◆ **Data extracted from a collection**
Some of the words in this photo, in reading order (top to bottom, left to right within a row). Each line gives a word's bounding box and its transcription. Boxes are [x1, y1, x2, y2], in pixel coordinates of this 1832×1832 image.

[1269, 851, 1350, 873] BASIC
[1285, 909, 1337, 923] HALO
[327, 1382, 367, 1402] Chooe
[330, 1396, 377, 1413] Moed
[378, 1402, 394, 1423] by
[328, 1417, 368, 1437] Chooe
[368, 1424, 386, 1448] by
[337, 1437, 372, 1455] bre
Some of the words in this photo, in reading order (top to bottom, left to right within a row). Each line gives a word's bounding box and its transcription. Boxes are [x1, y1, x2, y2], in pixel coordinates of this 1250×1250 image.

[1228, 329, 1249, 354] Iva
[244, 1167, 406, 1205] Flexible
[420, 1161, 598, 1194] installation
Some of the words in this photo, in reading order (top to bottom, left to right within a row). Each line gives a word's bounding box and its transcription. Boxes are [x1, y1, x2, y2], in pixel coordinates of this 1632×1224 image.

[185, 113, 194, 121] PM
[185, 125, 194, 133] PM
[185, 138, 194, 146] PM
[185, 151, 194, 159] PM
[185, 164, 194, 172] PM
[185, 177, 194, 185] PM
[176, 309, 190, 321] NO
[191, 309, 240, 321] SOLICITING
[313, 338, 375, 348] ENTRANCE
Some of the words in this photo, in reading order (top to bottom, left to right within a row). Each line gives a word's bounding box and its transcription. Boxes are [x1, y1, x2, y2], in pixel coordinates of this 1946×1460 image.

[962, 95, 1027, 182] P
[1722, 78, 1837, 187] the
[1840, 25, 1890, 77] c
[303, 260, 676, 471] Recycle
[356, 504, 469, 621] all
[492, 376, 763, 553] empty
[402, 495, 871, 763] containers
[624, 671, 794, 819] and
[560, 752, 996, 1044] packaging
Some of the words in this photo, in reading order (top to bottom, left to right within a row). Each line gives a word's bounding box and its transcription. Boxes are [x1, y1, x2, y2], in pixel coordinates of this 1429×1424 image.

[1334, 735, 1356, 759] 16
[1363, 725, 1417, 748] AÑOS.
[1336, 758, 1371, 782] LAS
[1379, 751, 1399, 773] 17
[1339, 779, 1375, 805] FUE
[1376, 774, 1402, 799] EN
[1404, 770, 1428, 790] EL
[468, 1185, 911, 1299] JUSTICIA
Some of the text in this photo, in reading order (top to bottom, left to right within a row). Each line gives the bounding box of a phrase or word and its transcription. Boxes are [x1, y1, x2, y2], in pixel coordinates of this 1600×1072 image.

◆ **What the task asks**
The records above are to be returned exactly as they appear.

◆ **Your response**
Some of the words in this photo, in reading order (top to bottom, left to right within a row). Each line gives a word's bounding box and its transcription. Boxes are [x1, y1, x2, y2], in pixel coordinates of this 1832×1832 image.

[1269, 851, 1350, 873] BASIC
[1285, 909, 1337, 923] HALO
[327, 1382, 367, 1402] Chooe
[330, 1396, 377, 1413] Moed
[378, 1402, 394, 1423] by
[328, 1417, 368, 1437] Chooe
[368, 1424, 386, 1448] by
[337, 1437, 372, 1455] bre
Some of the words in this photo, in reading order (top to bottom, left to right within a row). Each line gives a word's bounding box and its transcription. Boxes are [x1, y1, x2, y2], in pixel coordinates of this 1250×1250 image.

[1228, 329, 1249, 354] Iva
[244, 1167, 406, 1205] Flexible
[420, 1161, 598, 1194] installation
Some of the words in this photo, in reading order (top to bottom, left to right within a row). Each line gives a word's bounding box and its transcription. Boxes are [x1, y1, x2, y2], in pixel coordinates of this 1632×1224 image.

[185, 113, 194, 121] PM
[185, 125, 194, 133] PM
[185, 138, 194, 146] PM
[185, 151, 194, 159] PM
[185, 164, 194, 172] PM
[185, 177, 194, 185] PM
[176, 309, 190, 321] NO
[191, 309, 240, 321] SOLICITING
[313, 338, 375, 348] ENTRANCE
Some of the words in this photo, in reading order (top to bottom, left to right within a row). Each line gives a word's bounding box and its transcription. Boxes are [x1, y1, x2, y2], in pixel coordinates of this 1946×1460 image.

[962, 95, 1027, 182] P
[1722, 78, 1837, 187] the
[1840, 25, 1890, 77] c
[303, 260, 676, 471] Recycle
[356, 504, 469, 621] all
[492, 376, 763, 553] empty
[402, 495, 871, 763] containers
[624, 671, 794, 819] and
[560, 752, 996, 1044] packaging
Some of the words in this photo, in reading order (top to bottom, left to right within a row). Each line gives a word's bounding box and its transcription. Boxes are [x1, y1, x2, y2], in pixel coordinates of this 1429×1424 image.

[1334, 735, 1356, 759] 16
[1363, 725, 1417, 748] AÑOS.
[1336, 758, 1371, 782] LAS
[1379, 751, 1399, 773] 17
[1339, 779, 1375, 805] FUE
[1376, 774, 1402, 799] EN
[1404, 770, 1428, 790] EL
[468, 1185, 911, 1299] JUSTICIA
Some of the text in this photo, in reading order (top to bottom, left to right within a row). Each line gives the bounding box of a phrase or word and its transcription. Boxes are [x1, y1, x2, y2], in pixel coordinates of this 1600×1072 image.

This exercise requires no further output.